RSVP by October 10 to Joe Krasowski at email@example.com.
DIA is a neutral, global, professional, member-driven association of nearly 18,000 professionals involved in the discovery, development, and life cycle management of pharmaceuticals, biotechnology, medical devices, and related health care products. Through our international educational offerings and myriad networking opportunities, DIA provides a global forum for knowledge exchange that fosters the innovation of products, technologies, and services to improve health and well being worldwide. Headquarters are in Horsham, PA, USA, with offices in Basel, Switzerland, Tokyo, Japan, Mumbai, India, and Beijing, China.

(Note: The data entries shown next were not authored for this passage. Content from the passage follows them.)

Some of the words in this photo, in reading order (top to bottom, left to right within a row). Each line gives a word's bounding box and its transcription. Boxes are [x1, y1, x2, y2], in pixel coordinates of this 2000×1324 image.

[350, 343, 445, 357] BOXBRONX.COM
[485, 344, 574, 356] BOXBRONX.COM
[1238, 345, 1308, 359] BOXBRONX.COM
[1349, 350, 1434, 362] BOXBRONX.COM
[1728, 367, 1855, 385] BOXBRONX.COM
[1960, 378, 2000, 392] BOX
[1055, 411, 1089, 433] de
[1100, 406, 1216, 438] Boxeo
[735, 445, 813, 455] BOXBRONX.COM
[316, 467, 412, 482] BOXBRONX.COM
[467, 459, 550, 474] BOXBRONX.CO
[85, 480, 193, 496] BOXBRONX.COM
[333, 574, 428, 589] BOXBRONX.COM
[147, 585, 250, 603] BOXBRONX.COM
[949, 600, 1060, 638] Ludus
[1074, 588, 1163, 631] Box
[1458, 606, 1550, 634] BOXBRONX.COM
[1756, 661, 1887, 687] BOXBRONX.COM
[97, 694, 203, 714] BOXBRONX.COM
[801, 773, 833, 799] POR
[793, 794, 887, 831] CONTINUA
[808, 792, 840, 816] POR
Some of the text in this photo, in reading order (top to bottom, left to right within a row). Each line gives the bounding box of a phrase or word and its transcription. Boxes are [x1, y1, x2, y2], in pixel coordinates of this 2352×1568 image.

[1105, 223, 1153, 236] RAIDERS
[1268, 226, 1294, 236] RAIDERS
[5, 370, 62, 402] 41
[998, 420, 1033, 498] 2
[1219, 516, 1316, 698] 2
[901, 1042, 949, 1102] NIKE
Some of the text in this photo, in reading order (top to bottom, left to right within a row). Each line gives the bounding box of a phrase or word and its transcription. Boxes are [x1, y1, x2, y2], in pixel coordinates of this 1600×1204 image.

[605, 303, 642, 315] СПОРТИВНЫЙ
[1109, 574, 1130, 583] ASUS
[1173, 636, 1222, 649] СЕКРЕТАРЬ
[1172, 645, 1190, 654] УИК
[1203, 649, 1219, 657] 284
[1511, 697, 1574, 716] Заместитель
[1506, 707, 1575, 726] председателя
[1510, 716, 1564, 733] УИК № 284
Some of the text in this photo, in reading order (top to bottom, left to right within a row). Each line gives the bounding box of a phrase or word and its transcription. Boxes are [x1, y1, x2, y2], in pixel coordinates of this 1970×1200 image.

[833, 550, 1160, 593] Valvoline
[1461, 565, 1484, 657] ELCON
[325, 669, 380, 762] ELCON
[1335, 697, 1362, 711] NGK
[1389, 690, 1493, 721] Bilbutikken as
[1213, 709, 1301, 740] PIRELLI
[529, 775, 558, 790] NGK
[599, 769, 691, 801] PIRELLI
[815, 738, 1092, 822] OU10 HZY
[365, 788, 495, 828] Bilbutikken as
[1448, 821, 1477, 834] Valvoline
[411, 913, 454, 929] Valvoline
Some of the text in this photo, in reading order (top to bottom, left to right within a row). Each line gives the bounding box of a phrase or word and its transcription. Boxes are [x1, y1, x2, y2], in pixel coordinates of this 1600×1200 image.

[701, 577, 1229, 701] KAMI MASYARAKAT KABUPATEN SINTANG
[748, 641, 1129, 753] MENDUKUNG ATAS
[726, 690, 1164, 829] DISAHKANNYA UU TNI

NORD is a nonprofit organization representing all patients and families affected by rare diseases in the U.S. It was established in 1983 by rare disease patient organization leaders who had worked together on behalf of enactment of the Orphan Drug Act. Today, NORD provides programs and services that include advocacy, education of patients and medical professionals, support for research, and patient assistance programs to help patients access life-saving therapies.